The scheme used to rate photographers, layered atop the image
ratings, also has some obvious weaknesses (used in the
past to manipulate the standings):
- The criteria are a bit vague in terms of the specific
selections used for the rating. It appears that the best
strategy for gaining a high ranking is to keep your three
highest-rated photos -- and only those -- in your photo.net
portfolio. A photographer with three "14's" will rank higher
than a photographer with three "15's" and a "10." Shifts dur
to portfolio mainenance often occur -- it seem to be a common
practice to kill low-ranking images (photographers with
large, terrific portfolios, or with long histories on photo.net,
are thus at some disadvantage).
- The rankings appear to be summed across photos, rather than
individual rankings. Thus a photo with exactly ten ratings
can be very influenced by even a single 10-of-10 "ringer"

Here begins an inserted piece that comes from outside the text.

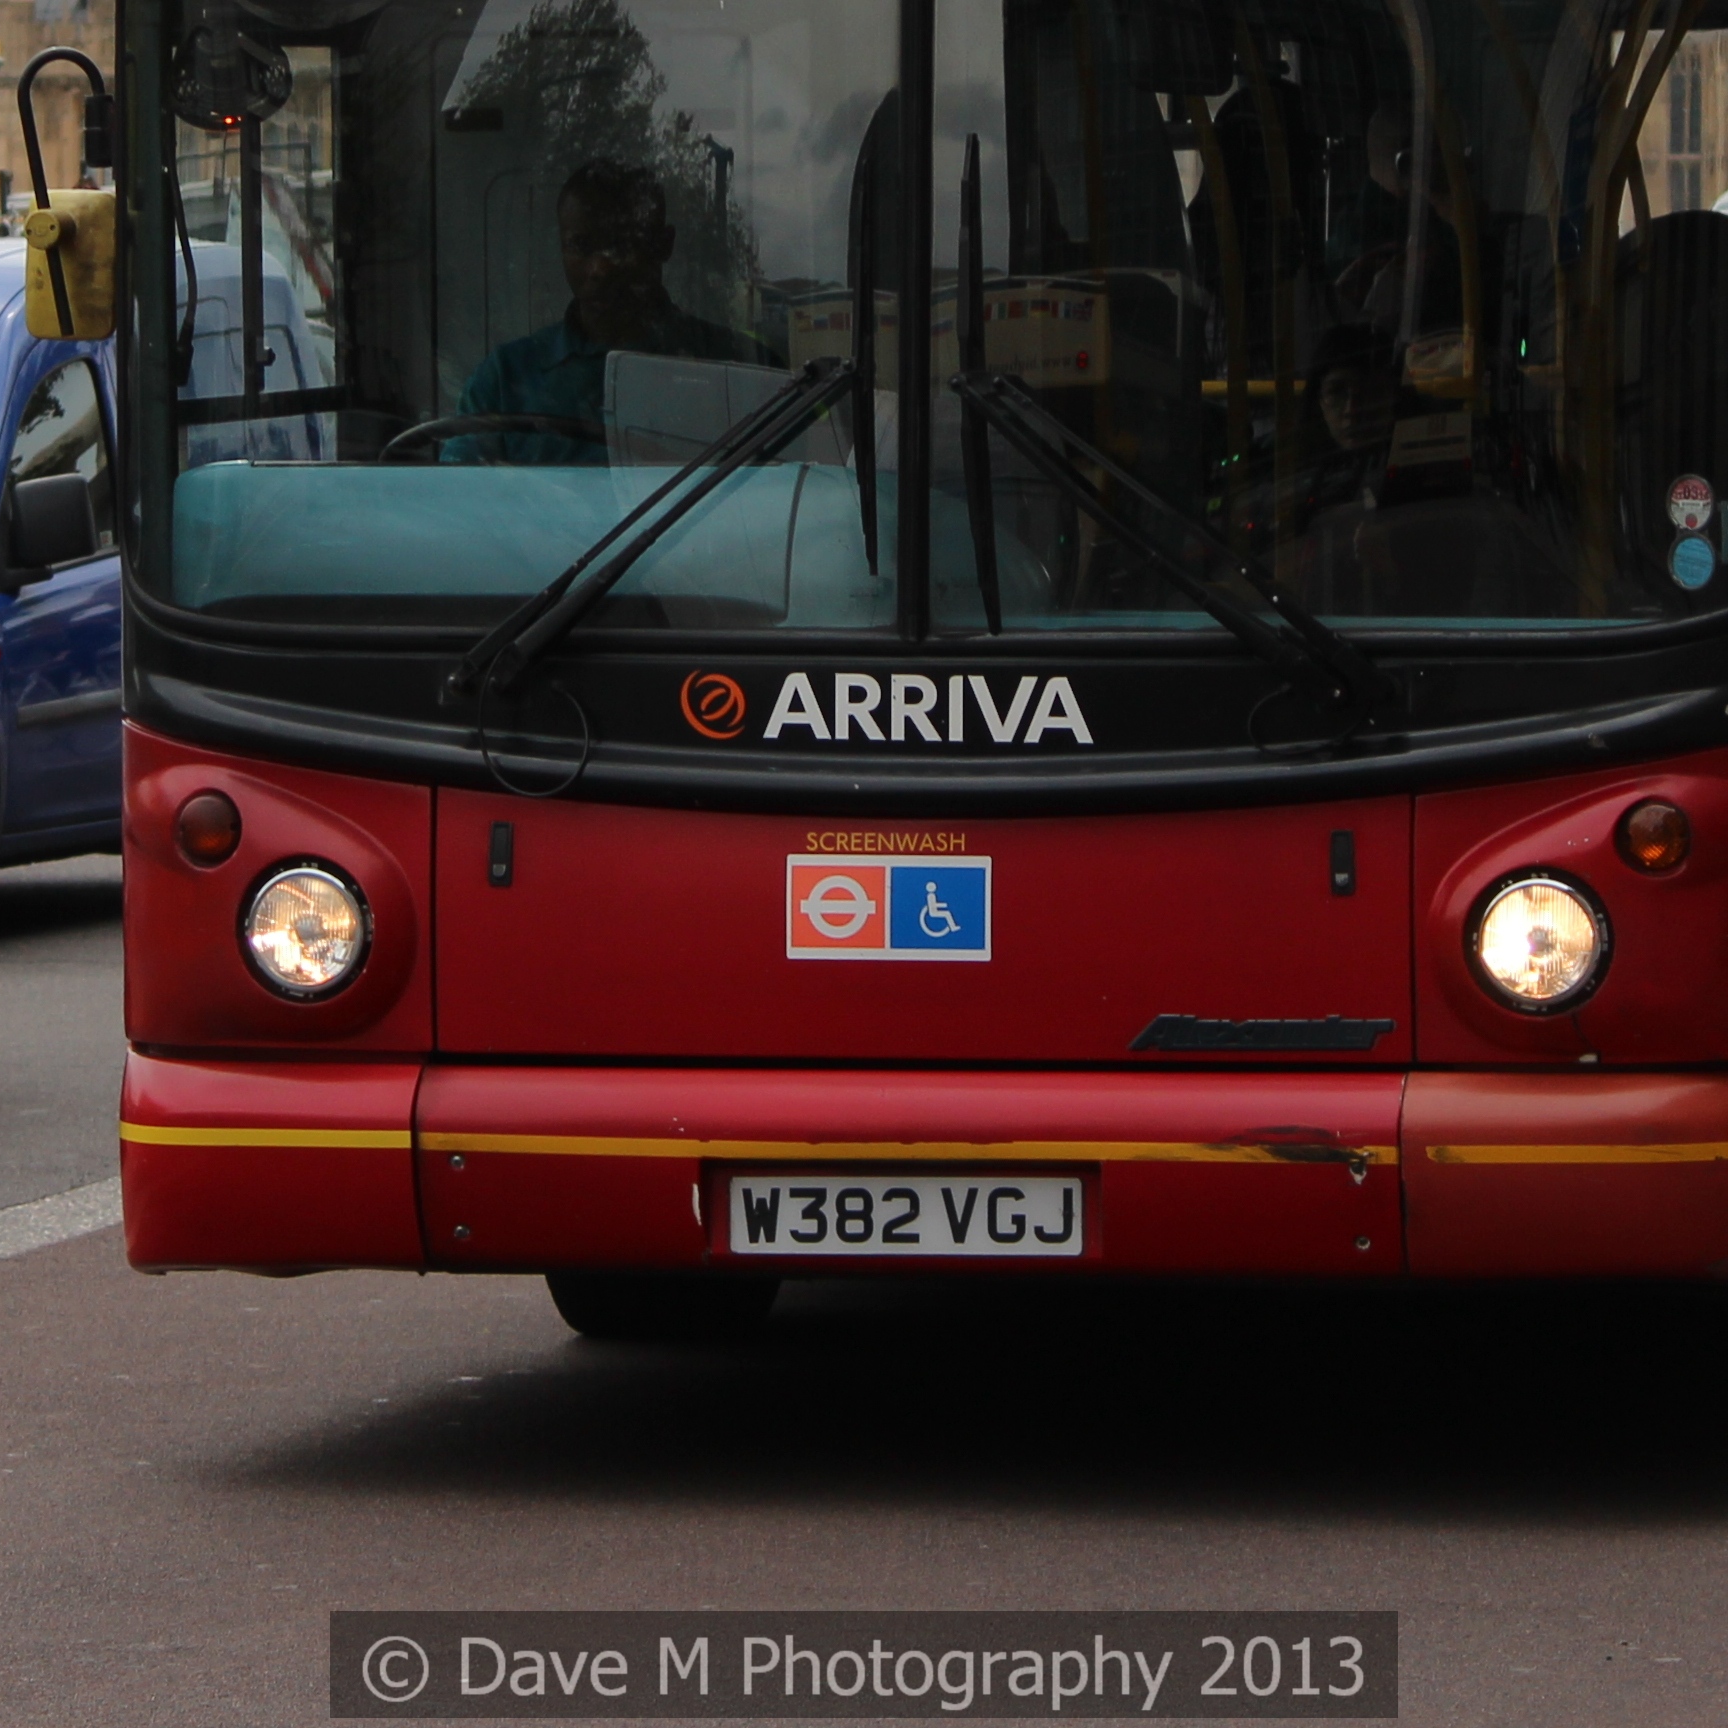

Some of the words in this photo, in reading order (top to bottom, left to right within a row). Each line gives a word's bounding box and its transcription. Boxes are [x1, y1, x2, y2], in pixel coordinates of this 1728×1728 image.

rating, and that higher photo-total will be factored into the
member rankings -- while superior photos, that may have received
hundreds of more-honest ratings, will hold steady for long
periods of time without those capricious variations.
Many people have expressed dissatisfaction with the scoring. One
user,
Robert
Brown, has recently suggested the following alternative scoring
scheme:
(AVERAGE SCORE x 10) + 1 point for each photo with more than 10 ratings.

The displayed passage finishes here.